=== EXERCISE PROMPT ===
Hand back all of the records exactly as they read.

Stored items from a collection
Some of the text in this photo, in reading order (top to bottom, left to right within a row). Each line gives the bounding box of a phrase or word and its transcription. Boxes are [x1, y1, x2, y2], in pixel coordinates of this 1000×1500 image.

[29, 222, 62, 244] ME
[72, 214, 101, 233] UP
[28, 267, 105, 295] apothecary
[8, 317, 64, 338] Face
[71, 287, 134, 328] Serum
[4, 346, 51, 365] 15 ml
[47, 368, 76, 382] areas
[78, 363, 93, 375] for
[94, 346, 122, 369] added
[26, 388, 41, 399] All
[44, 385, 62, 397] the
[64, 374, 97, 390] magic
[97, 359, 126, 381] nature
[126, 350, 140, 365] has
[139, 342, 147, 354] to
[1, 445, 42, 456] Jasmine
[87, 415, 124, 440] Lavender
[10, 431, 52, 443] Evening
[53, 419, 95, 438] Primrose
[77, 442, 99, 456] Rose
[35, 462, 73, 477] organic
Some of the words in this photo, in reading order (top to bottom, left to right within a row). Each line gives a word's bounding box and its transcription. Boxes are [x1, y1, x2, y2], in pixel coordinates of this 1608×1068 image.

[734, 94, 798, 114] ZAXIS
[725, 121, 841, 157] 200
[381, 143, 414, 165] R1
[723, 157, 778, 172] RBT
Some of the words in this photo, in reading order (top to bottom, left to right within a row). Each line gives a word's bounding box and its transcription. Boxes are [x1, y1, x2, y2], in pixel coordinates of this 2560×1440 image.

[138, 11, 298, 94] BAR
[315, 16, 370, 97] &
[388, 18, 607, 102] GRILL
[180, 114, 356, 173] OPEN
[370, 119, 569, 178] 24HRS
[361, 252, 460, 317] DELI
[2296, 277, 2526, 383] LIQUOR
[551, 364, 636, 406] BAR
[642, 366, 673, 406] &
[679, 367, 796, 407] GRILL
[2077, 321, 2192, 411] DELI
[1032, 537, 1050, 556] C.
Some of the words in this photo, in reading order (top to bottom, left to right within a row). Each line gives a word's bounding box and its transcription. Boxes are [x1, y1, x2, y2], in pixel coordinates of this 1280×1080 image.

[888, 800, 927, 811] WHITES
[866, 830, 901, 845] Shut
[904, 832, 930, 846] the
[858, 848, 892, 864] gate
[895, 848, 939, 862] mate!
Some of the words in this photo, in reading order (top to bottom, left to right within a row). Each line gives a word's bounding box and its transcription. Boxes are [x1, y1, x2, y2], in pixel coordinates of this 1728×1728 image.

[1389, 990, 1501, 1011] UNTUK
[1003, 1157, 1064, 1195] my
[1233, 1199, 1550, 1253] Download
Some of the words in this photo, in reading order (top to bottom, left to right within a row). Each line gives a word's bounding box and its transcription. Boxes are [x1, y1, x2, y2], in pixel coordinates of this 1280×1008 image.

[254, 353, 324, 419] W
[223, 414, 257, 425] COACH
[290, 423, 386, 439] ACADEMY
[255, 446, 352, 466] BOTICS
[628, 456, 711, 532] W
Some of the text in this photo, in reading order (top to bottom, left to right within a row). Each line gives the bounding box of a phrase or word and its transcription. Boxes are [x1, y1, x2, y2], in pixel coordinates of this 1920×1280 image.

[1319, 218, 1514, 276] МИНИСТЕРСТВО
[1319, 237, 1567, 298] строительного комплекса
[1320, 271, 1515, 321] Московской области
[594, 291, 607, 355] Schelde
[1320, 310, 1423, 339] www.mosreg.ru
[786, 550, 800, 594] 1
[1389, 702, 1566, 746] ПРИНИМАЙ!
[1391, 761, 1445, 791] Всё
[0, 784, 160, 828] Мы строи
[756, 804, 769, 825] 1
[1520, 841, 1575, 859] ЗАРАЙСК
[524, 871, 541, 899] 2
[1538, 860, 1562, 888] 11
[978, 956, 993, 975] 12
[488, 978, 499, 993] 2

=== OUTPUT BELOW ===
Some of the text in this photo, in reading order (top to bottom, left to right within a row). Each line gives the bounding box of a phrase or word and its transcription. Boxes are [x1, y1, x2, y2], in pixel coordinates of this 1000×1500 image.

[29, 222, 62, 244] ME
[72, 214, 101, 233] UP
[28, 267, 105, 295] apothecary
[8, 317, 64, 338] Face
[71, 287, 134, 328] Serum
[4, 346, 51, 365] 15 ml
[47, 368, 76, 382] areas
[78, 363, 93, 375] for
[94, 346, 122, 369] added
[26, 388, 41, 399] All
[44, 385, 62, 397] the
[64, 374, 97, 390] magic
[97, 359, 126, 381] nature
[126, 350, 140, 365] has
[139, 342, 147, 354] to
[1, 445, 42, 456] Jasmine
[87, 415, 124, 440] Lavender
[10, 431, 52, 443] Evening
[53, 419, 95, 438] Primrose
[77, 442, 99, 456] Rose
[35, 462, 73, 477] organic
Some of the words in this photo, in reading order (top to bottom, left to right within a row). Each line gives a word's bounding box and its transcription. Boxes are [x1, y1, x2, y2], in pixel coordinates of this 1608×1068 image.

[734, 94, 798, 114] ZAXIS
[725, 121, 841, 157] 200
[381, 143, 414, 165] R1
[723, 157, 778, 172] RBT
Some of the words in this photo, in reading order (top to bottom, left to right within a row). Each line gives a word's bounding box and its transcription. Boxes are [x1, y1, x2, y2], in pixel coordinates of this 2560×1440 image.

[138, 11, 298, 94] BAR
[315, 16, 370, 97] &
[388, 18, 607, 102] GRILL
[180, 114, 356, 173] OPEN
[370, 119, 569, 178] 24HRS
[361, 252, 460, 317] DELI
[2296, 277, 2526, 383] LIQUOR
[551, 364, 636, 406] BAR
[642, 366, 673, 406] &
[679, 367, 796, 407] GRILL
[2077, 321, 2192, 411] DELI
[1032, 537, 1050, 556] C.
Some of the words in this photo, in reading order (top to bottom, left to right within a row). Each line gives a word's bounding box and its transcription. Boxes are [x1, y1, x2, y2], in pixel coordinates of this 1280×1080 image.

[888, 800, 927, 811] WHITES
[866, 830, 901, 845] Shut
[904, 832, 930, 846] the
[858, 848, 892, 864] gate
[895, 848, 939, 862] mate!
Some of the words in this photo, in reading order (top to bottom, left to right within a row). Each line gives a word's bounding box and its transcription. Boxes are [x1, y1, x2, y2], in pixel coordinates of this 1728×1728 image.

[1389, 990, 1501, 1011] UNTUK
[1003, 1157, 1064, 1195] my
[1233, 1199, 1550, 1253] Download
Some of the words in this photo, in reading order (top to bottom, left to right within a row). Each line gives a word's bounding box and its transcription. Boxes are [x1, y1, x2, y2], in pixel coordinates of this 1280×1008 image.

[254, 353, 324, 419] W
[223, 414, 257, 425] COACH
[290, 423, 386, 439] ACADEMY
[255, 446, 352, 466] BOTICS
[628, 456, 711, 532] W
Some of the text in this photo, in reading order (top to bottom, left to right within a row). Each line gives the bounding box of a phrase or word and its transcription. Boxes are [x1, y1, x2, y2], in pixel coordinates of this 1920×1280 image.

[1319, 218, 1514, 276] МИНИСТЕРСТВО
[1319, 237, 1567, 298] строительного комплекса
[1320, 271, 1515, 321] Московской области
[594, 291, 607, 355] Schelde
[1320, 310, 1423, 339] www.mosreg.ru
[786, 550, 800, 594] 1
[1389, 702, 1566, 746] ПРИНИМАЙ!
[1391, 761, 1445, 791] Всё
[0, 784, 160, 828] Мы строи
[756, 804, 769, 825] 1
[1520, 841, 1575, 859] ЗАРАЙСК
[524, 871, 541, 899] 2
[1538, 860, 1562, 888] 11
[978, 956, 993, 975] 12
[488, 978, 499, 993] 2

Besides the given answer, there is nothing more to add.